__INSTRUCTIONS FOR THE TASK__: Print each record that follows exactly, leaving the pictures behind.

[THE DATA Boundary: Start]

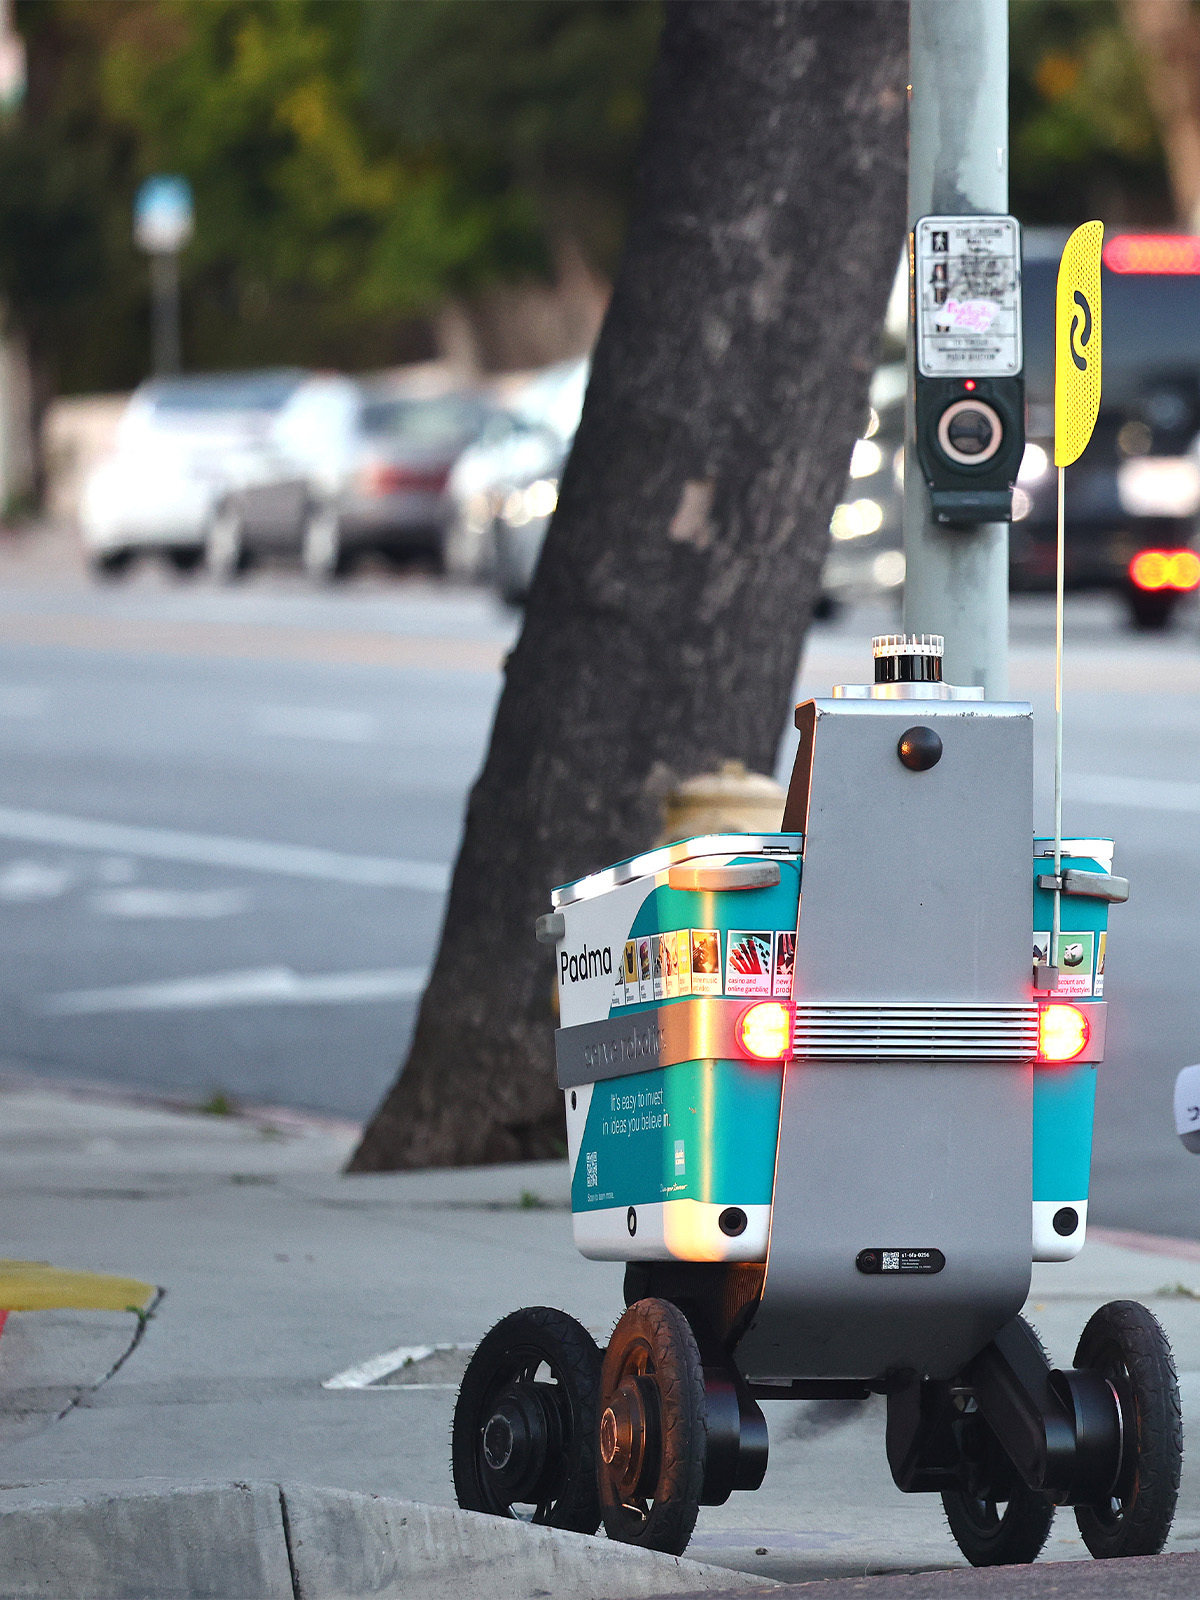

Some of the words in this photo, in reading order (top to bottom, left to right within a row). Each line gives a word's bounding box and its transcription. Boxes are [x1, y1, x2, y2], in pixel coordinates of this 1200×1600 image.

[561, 944, 612, 985] Padma
[745, 985, 769, 994] gambling
[1070, 986, 1091, 995] lifestyles
[611, 1093, 621, 1111] It's
[622, 1095, 637, 1114] easy
[638, 1091, 645, 1107] to
[645, 1088, 664, 1105] invest
[602, 1117, 609, 1136] in
[611, 1116, 627, 1134] ideas
[627, 1118, 640, 1137] you
[641, 1110, 662, 1130] believe
[663, 1109, 671, 1127] in.

[THE DATA Boundary: End]

__WRITTEN REPLY__:
Some of the words in this photo, in reading order (top to bottom, left to right within a row). Each line gives a word's bounding box and its transcription. Boxes are [x1, y1, x2, y2], in pixel coordinates of this 1200×1600 image.

[561, 944, 612, 985] Padma
[745, 985, 769, 994] gambling
[1070, 986, 1091, 995] lifestyles
[611, 1093, 621, 1111] It's
[622, 1095, 637, 1114] easy
[638, 1091, 645, 1107] to
[645, 1088, 664, 1105] invest
[602, 1117, 609, 1136] in
[611, 1116, 627, 1134] ideas
[627, 1118, 640, 1137] you
[641, 1110, 662, 1130] believe
[663, 1109, 671, 1127] in.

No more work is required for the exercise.